Text-to-region grounding data.
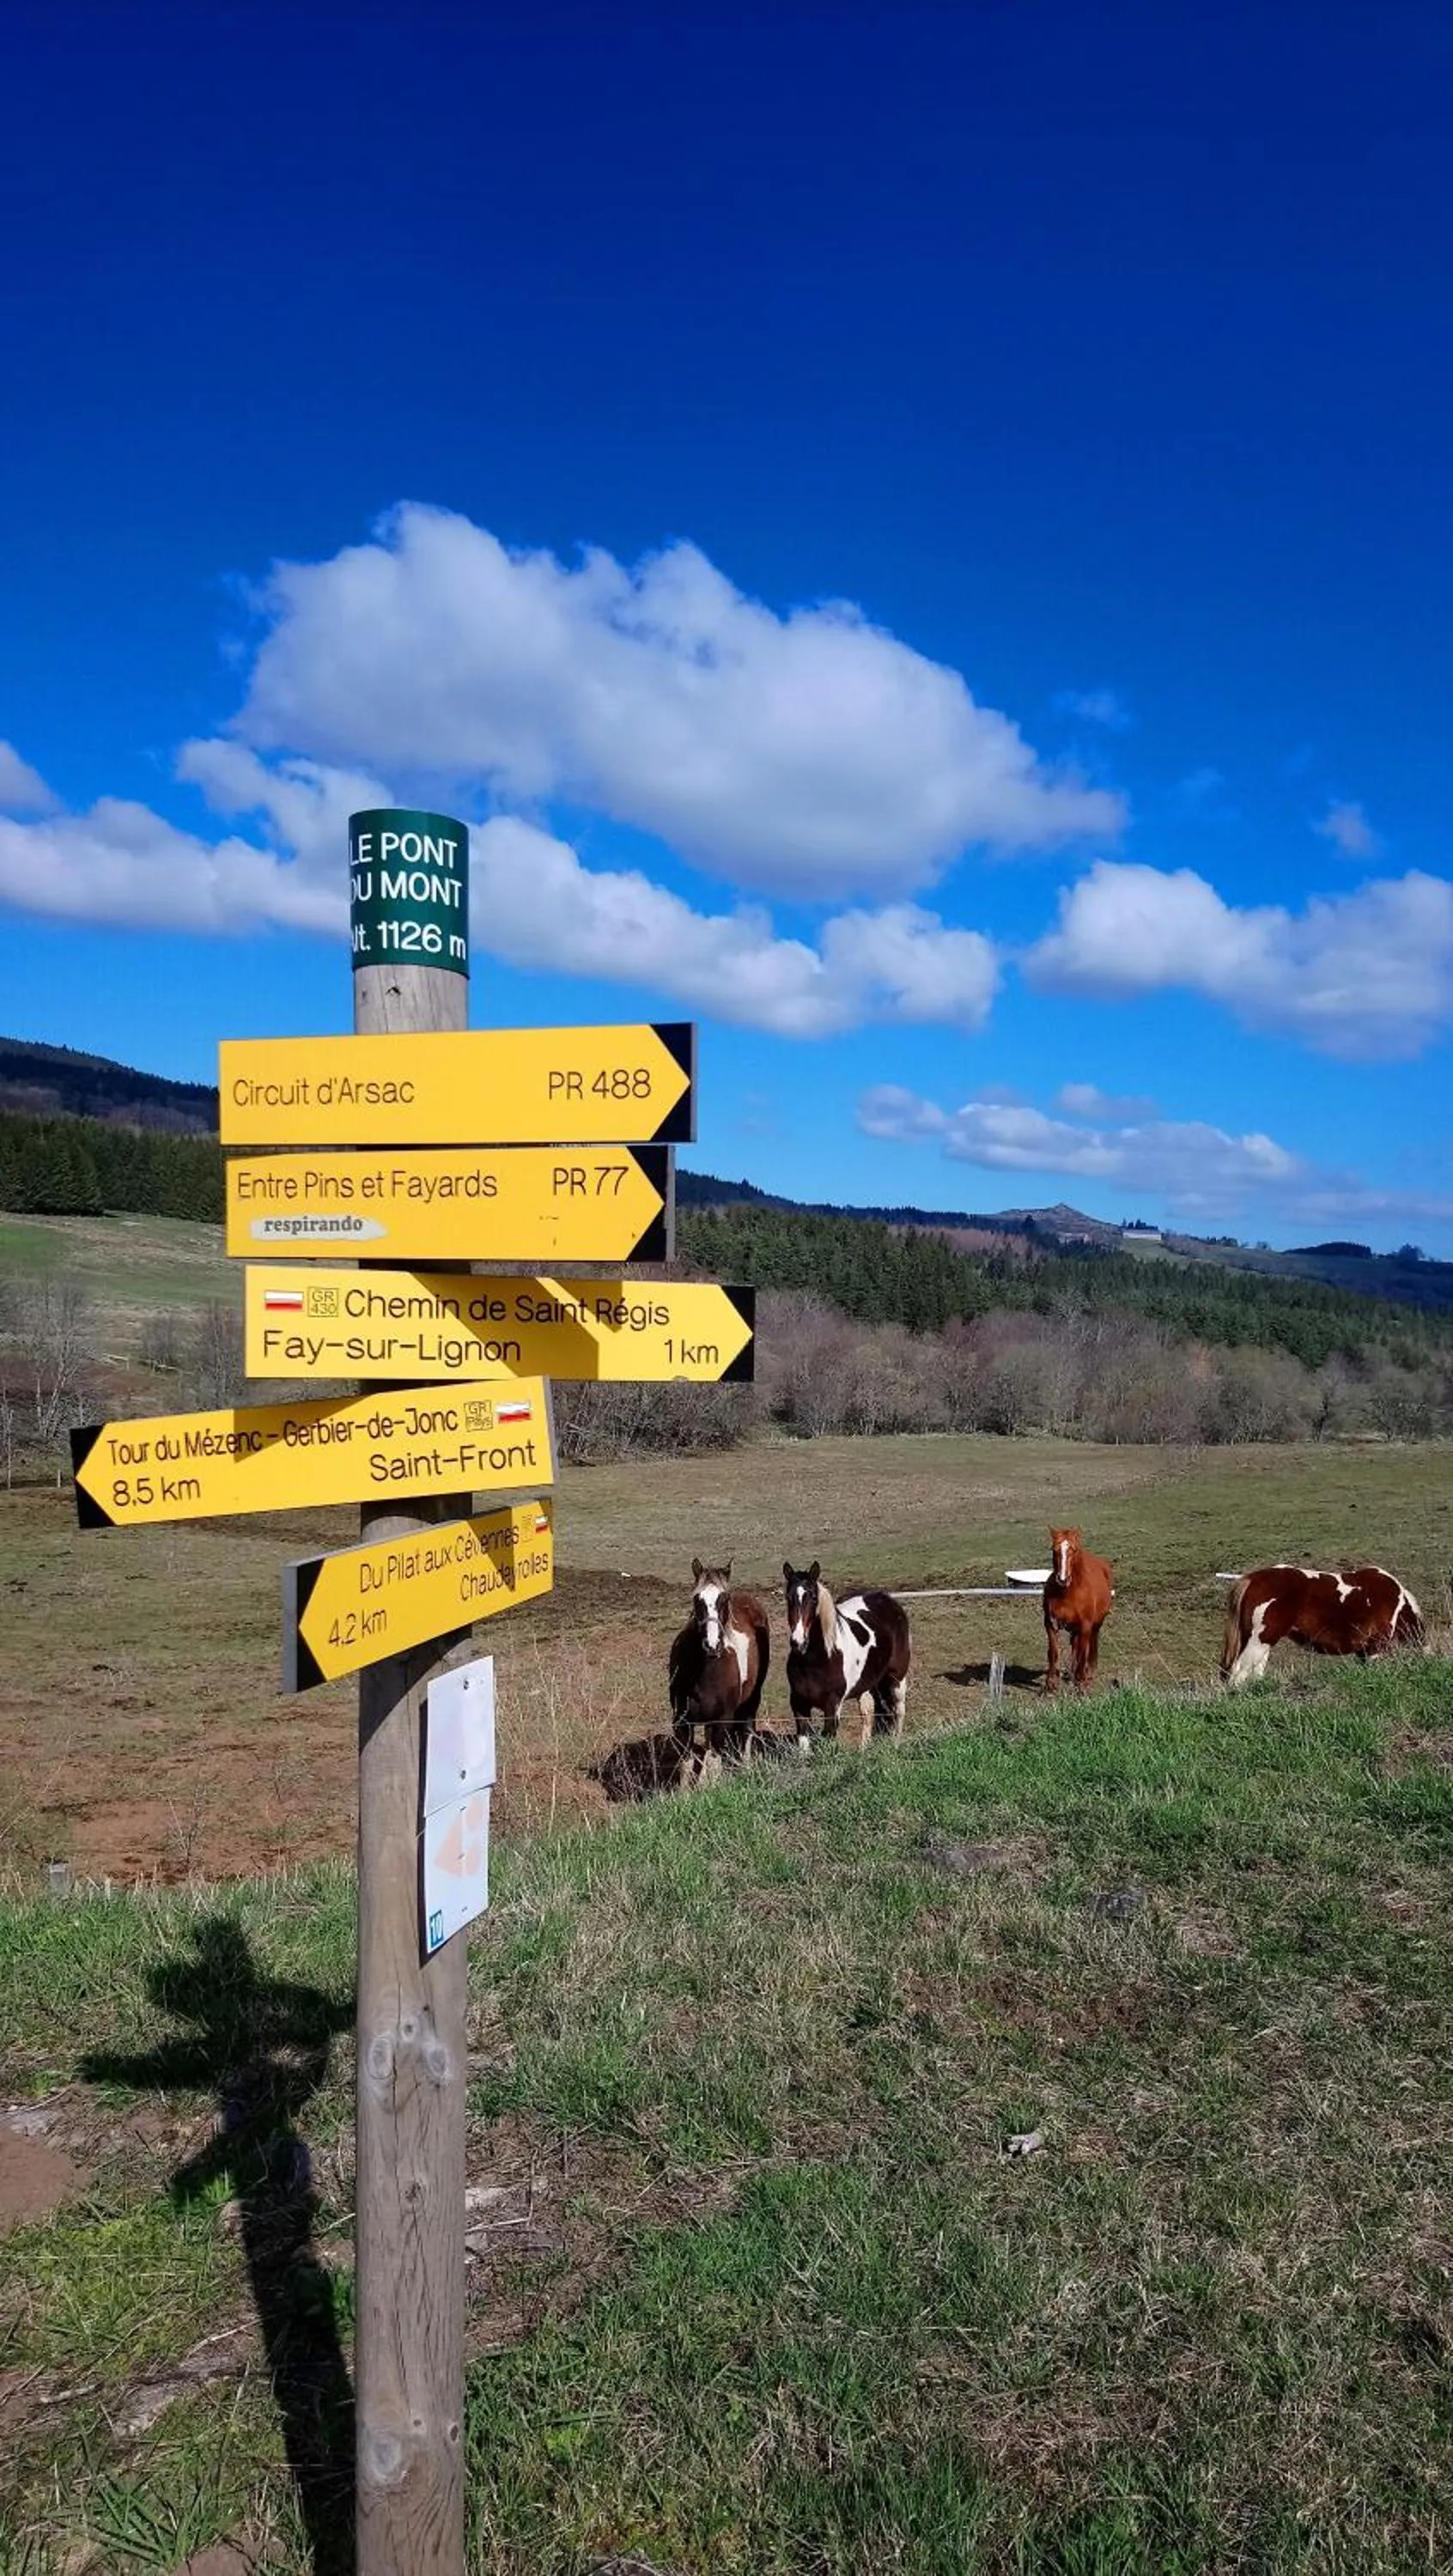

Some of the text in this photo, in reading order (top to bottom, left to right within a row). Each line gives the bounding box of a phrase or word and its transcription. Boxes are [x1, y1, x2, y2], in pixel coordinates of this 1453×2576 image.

[350, 832, 458, 869] LE PONT
[380, 870, 463, 908] MONT
[352, 920, 466, 960] lt. 1126 m
[233, 1077, 415, 1107] Circuit d'Arsac
[549, 1069, 652, 1100] PR 488
[237, 1169, 498, 1202] Entre Pins et Fayards
[553, 1166, 629, 1196] PR 77
[264, 1216, 363, 1235] respirando
[312, 1291, 334, 1302] GR
[344, 1290, 670, 1331] Chemin de Saint Régis
[264, 1330, 521, 1367] Fay-sur-Lignon
[664, 1339, 719, 1364] 1 km
[107, 1438, 149, 1465] Tour
[155, 1435, 179, 1461] du
[185, 1428, 262, 1457] Mézenc
[282, 1408, 459, 1447] Gerbier-de-Jonc
[369, 1439, 537, 1482] Saint-Front
[161, 1476, 201, 1502] km
[360, 1563, 384, 1593] Du
[387, 1549, 421, 1584] Pilat
[424, 1545, 453, 1572] aux
[455, 1526, 520, 1563] Cévennes
[362, 1607, 387, 1639] km

Directions for this task. Every word of the data should be reproduced exactly; please omit any pictures.

Answer to this task.
Some of the text in this photo, in reading order (top to bottom, left to right within a row). Each line gives the bounding box of a phrase or word and its transcription. Boxes are [x1, y1, x2, y2], in pixel coordinates of this 1453×2576 image.

[350, 832, 458, 869] LE PONT
[380, 870, 463, 908] MONT
[352, 920, 466, 960] lt. 1126 m
[233, 1077, 415, 1107] Circuit d'Arsac
[549, 1069, 652, 1100] PR 488
[237, 1169, 498, 1202] Entre Pins et Fayards
[553, 1166, 629, 1196] PR 77
[264, 1216, 363, 1235] respirando
[312, 1291, 334, 1302] GR
[344, 1290, 670, 1331] Chemin de Saint Régis
[264, 1330, 521, 1367] Fay-sur-Lignon
[664, 1339, 719, 1364] 1 km
[107, 1438, 149, 1465] Tour
[155, 1435, 179, 1461] du
[185, 1428, 262, 1457] Mézenc
[282, 1408, 459, 1447] Gerbier-de-Jonc
[369, 1439, 537, 1482] Saint-Front
[161, 1476, 201, 1502] km
[360, 1563, 384, 1593] Du
[387, 1549, 421, 1584] Pilat
[424, 1545, 453, 1572] aux
[455, 1526, 520, 1563] Cévennes
[362, 1607, 387, 1639] km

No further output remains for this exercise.